=== WORK TASK ===
Exact copies of all entries are needed. Pictures are to be left out.
┌─ RECORDS TO USE
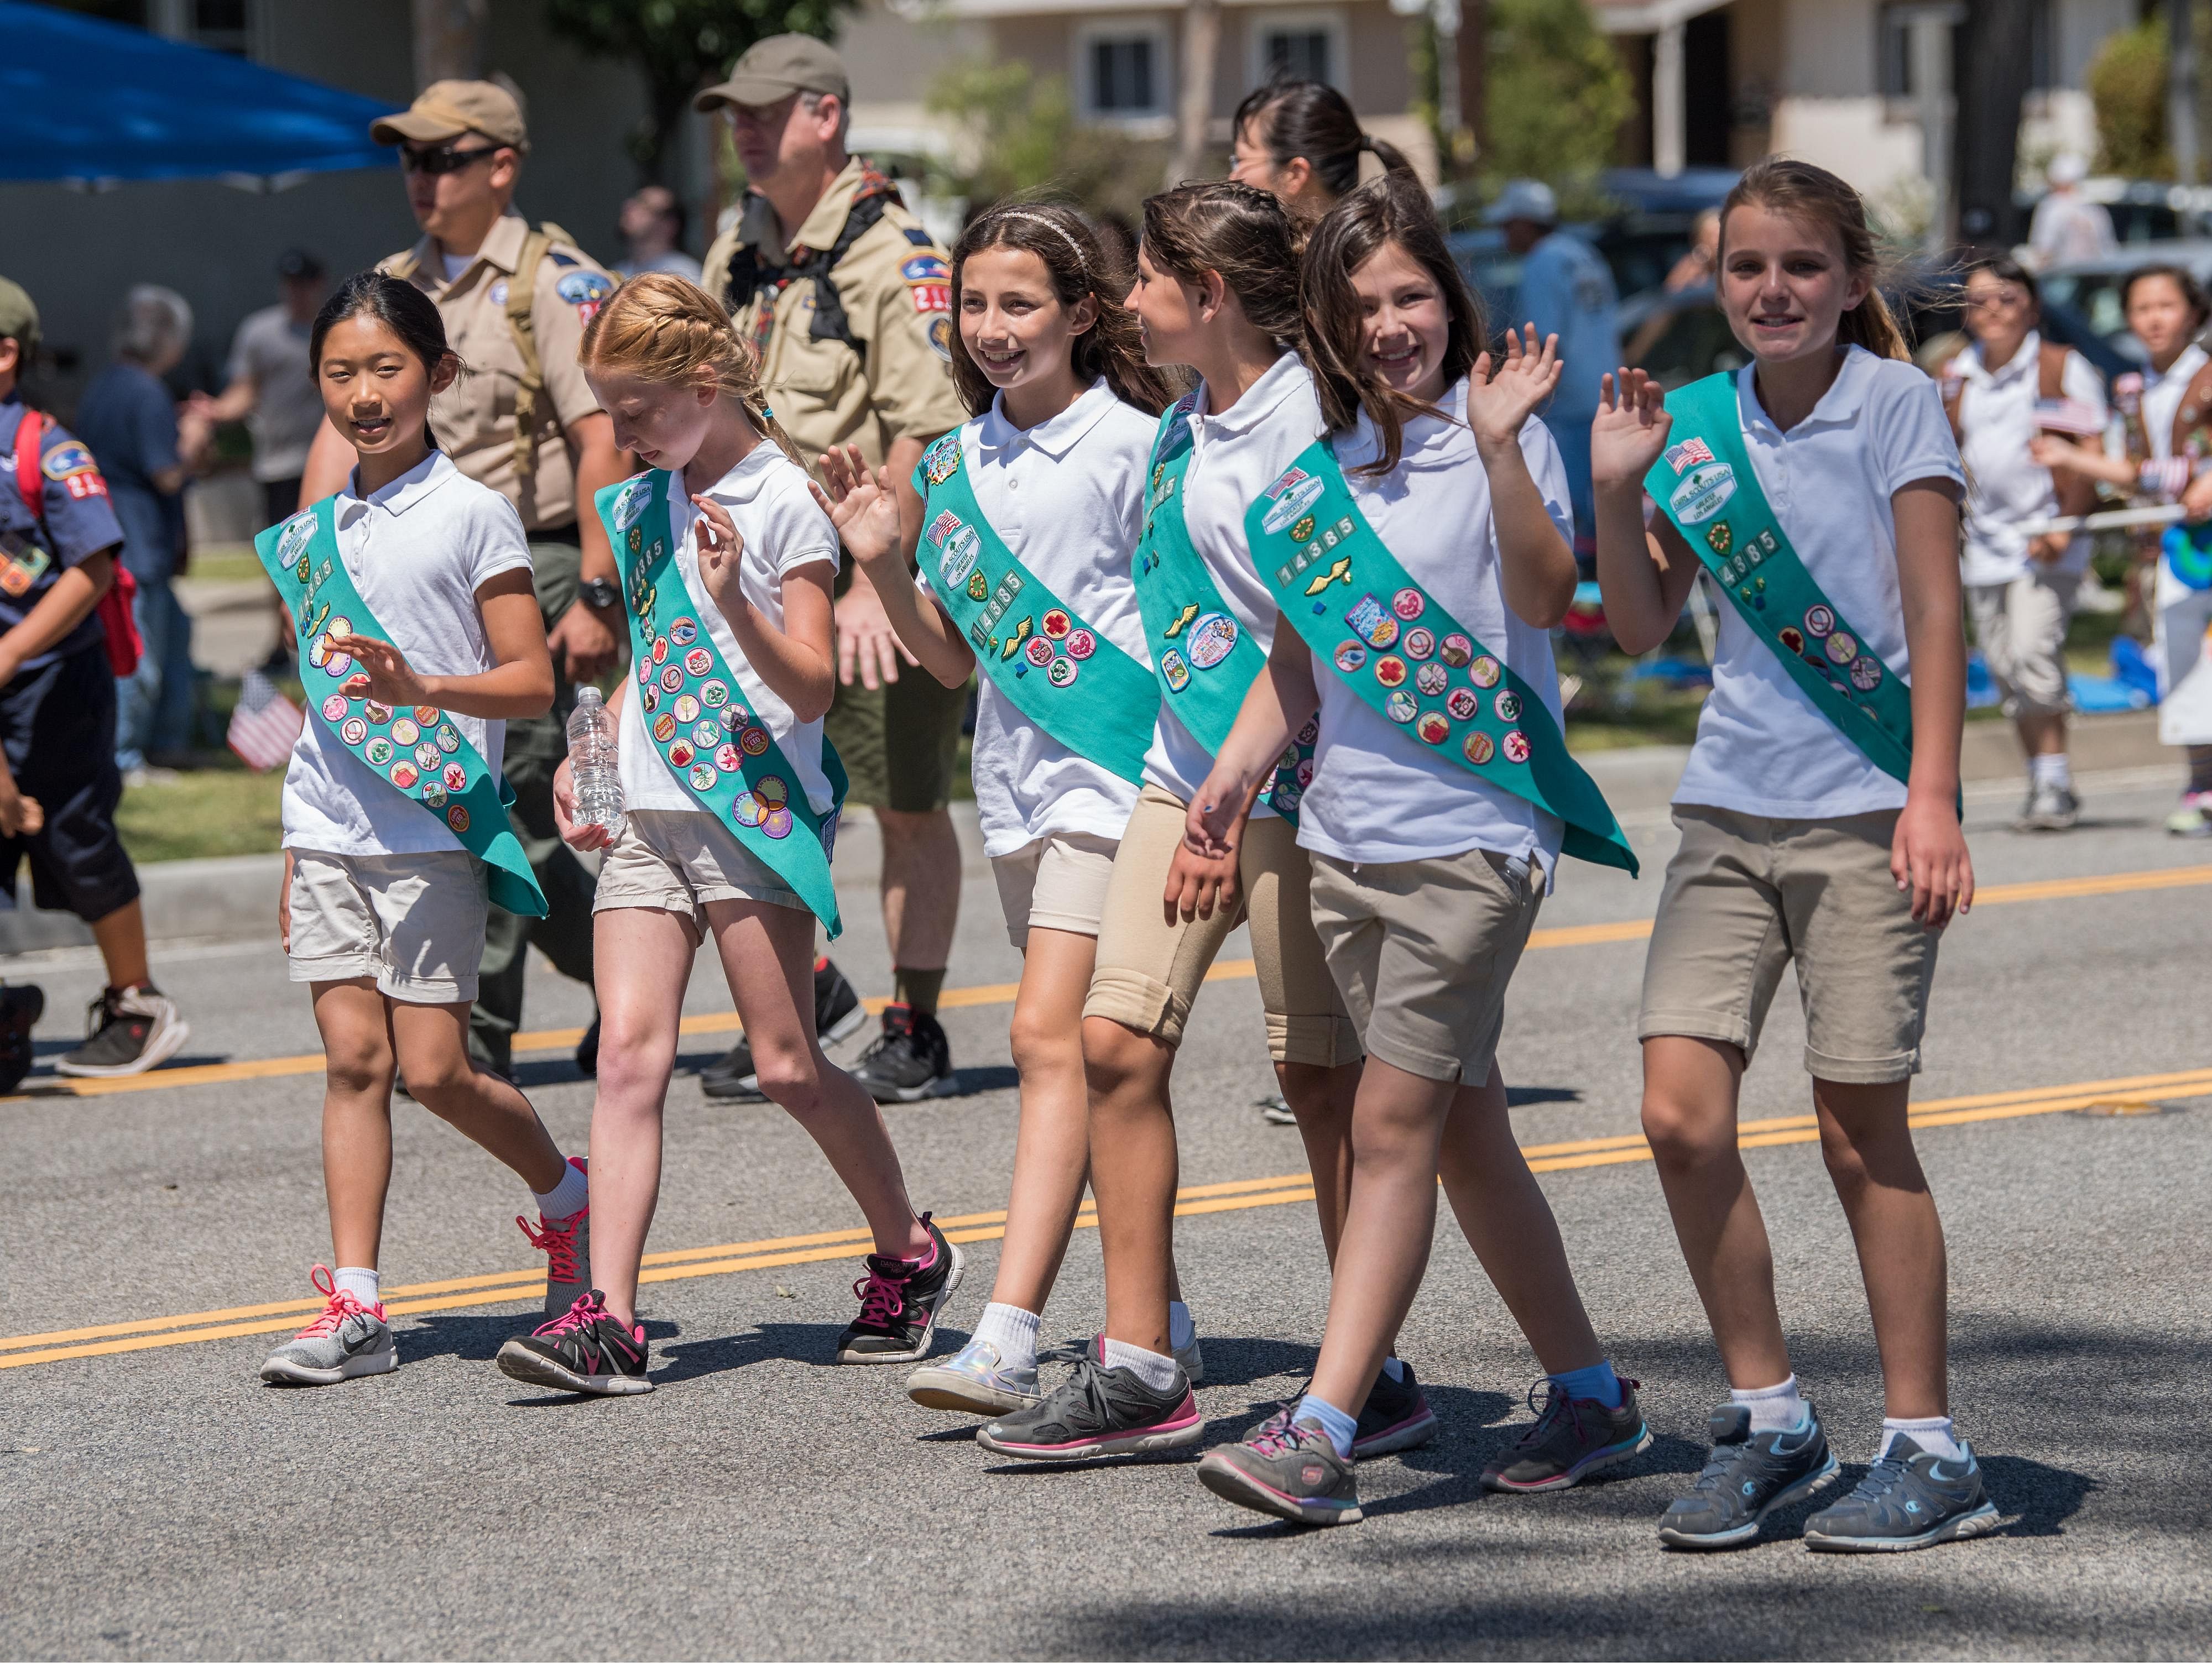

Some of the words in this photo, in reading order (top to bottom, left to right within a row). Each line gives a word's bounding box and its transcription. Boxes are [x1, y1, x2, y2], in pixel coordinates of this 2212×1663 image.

[935, 439, 958, 457] THINKING
[1688, 477, 1714, 496] SCOUTS
[1714, 469, 1729, 480] USA
[621, 491, 639, 508] SCOUTS
[1279, 491, 1305, 513] SCOUTS
[1695, 493, 1717, 510] GREATER
[1693, 511, 1704, 520] LOS
[286, 526, 304, 545] SCOUTS
[942, 562, 950, 574] GIRL
[949, 540, 965, 562] SCOUTS
[963, 530, 973, 542] USA
[1281, 519, 1352, 581] 14385
[630, 541, 661, 590] 14385
[955, 553, 968, 572] GREATER
[961, 554, 974, 574] ANGELES
[974, 573, 1019, 639] 14385
[744, 731, 760, 742] Cookie
[750, 737, 760, 745] CEO
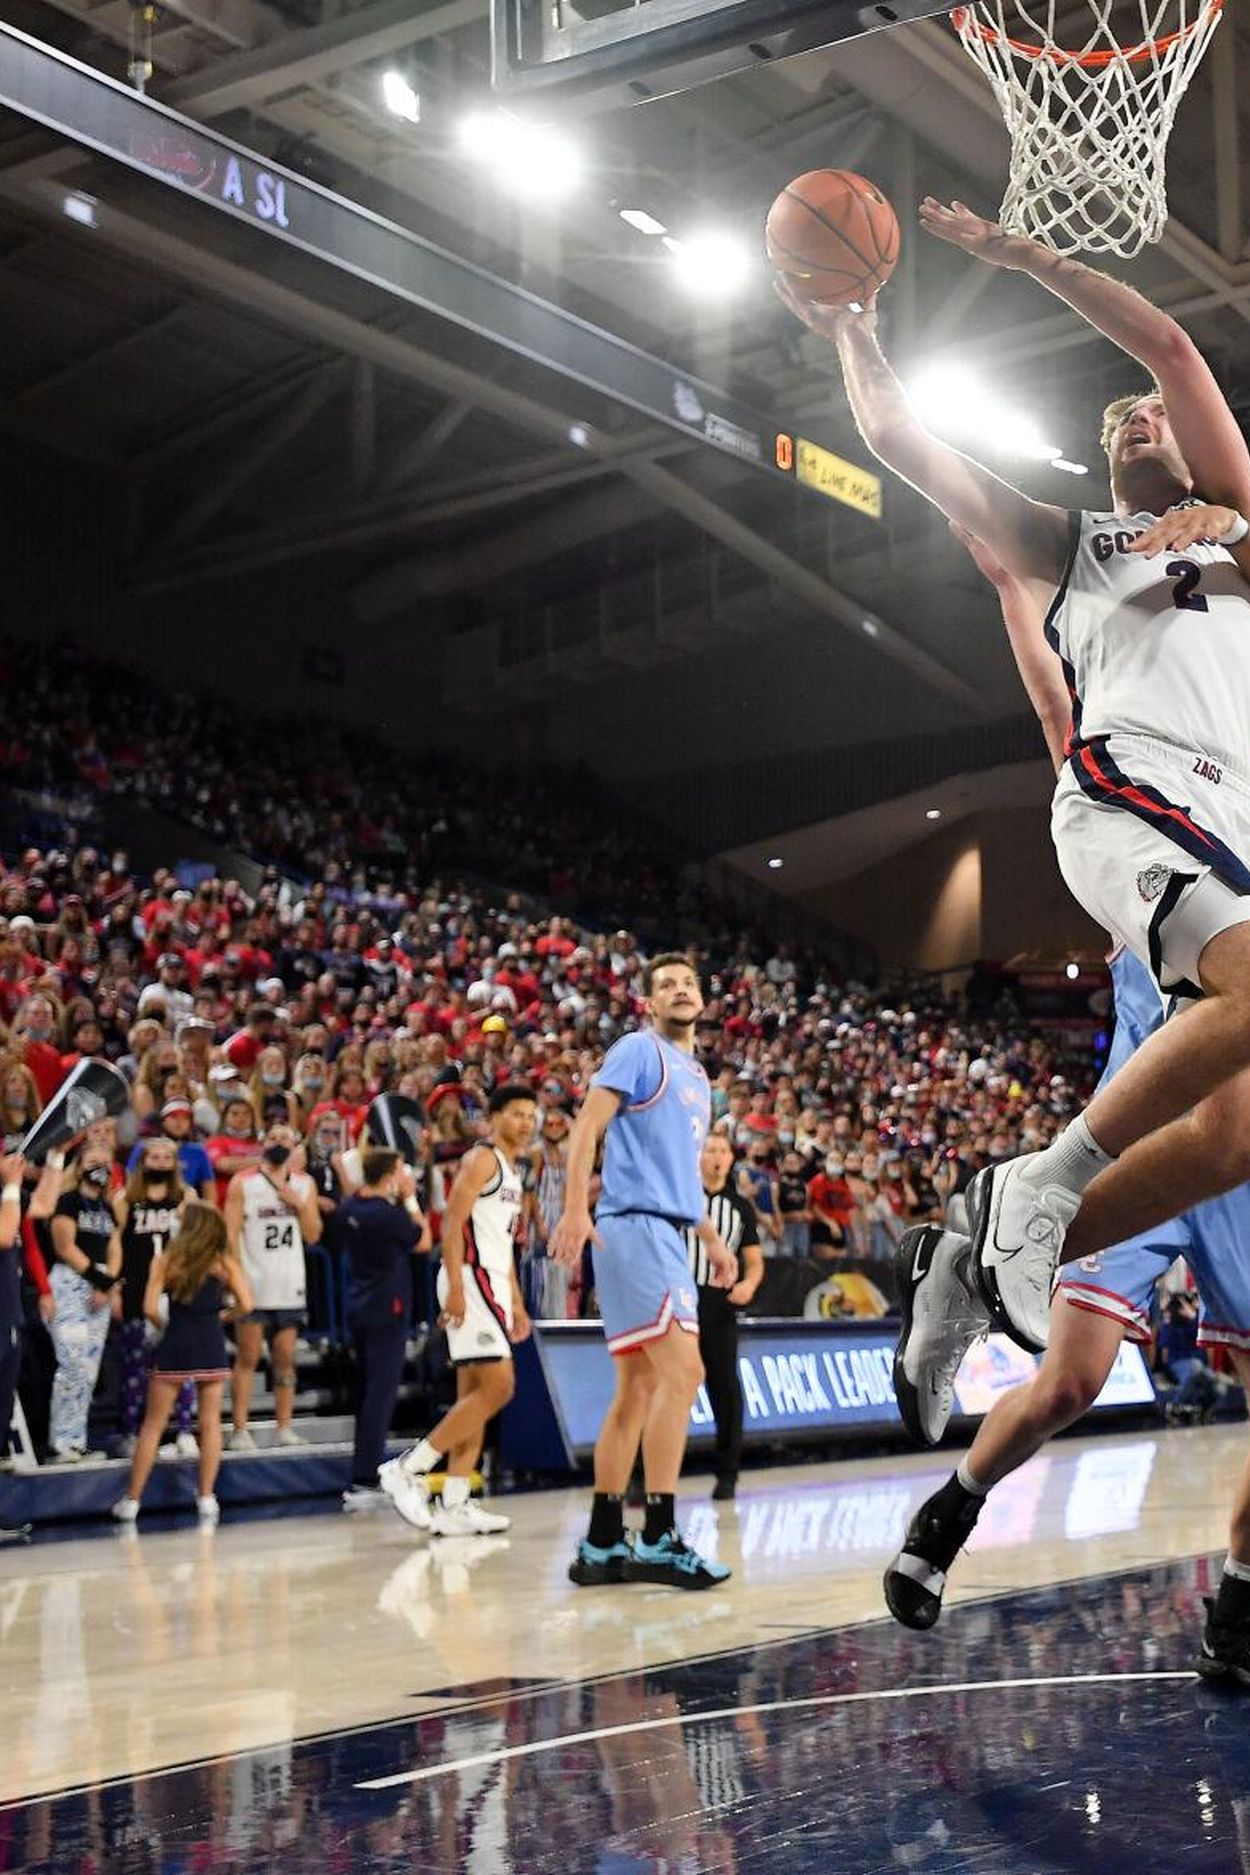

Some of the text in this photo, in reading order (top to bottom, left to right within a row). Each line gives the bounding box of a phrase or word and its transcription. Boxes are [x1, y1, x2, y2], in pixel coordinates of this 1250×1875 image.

[222, 156, 245, 206] A
[1166, 560, 1209, 612] 2
[1192, 757, 1223, 785] ZAGS
[264, 1225, 293, 1250] 24
[740, 1357, 769, 1418] A
[761, 1353, 831, 1414] PACK
└─
=== SOLUTION FOR THIS PROBLEM ===
Some of the words in this photo, in reading order (top to bottom, left to right within a row). Each line gives a word's bounding box and its transcription. Boxes are [x1, y1, x2, y2], in pixel coordinates of this 2212×1663 image.

[935, 439, 958, 457] THINKING
[1688, 477, 1714, 496] SCOUTS
[1714, 469, 1729, 480] USA
[621, 491, 639, 508] SCOUTS
[1279, 491, 1305, 513] SCOUTS
[1695, 493, 1717, 510] GREATER
[1693, 511, 1704, 520] LOS
[286, 526, 304, 545] SCOUTS
[942, 562, 950, 574] GIRL
[949, 540, 965, 562] SCOUTS
[963, 530, 973, 542] USA
[1281, 519, 1352, 581] 14385
[630, 541, 661, 590] 14385
[955, 553, 968, 572] GREATER
[961, 554, 974, 574] ANGELES
[974, 573, 1019, 639] 14385
[744, 731, 760, 742] Cookie
[750, 737, 760, 745] CEO

Some of the text in this photo, in reading order (top to bottom, left to right within a row). Each line gives the bounding box of a phrase or word and its transcription. Boxes are [x1, y1, x2, y2], in pixel coordinates of this 1250×1875 image.

[222, 156, 245, 206] A
[1166, 560, 1209, 612] 2
[1192, 757, 1223, 785] ZAGS
[264, 1225, 293, 1250] 24
[740, 1357, 769, 1418] A
[761, 1353, 831, 1414] PACK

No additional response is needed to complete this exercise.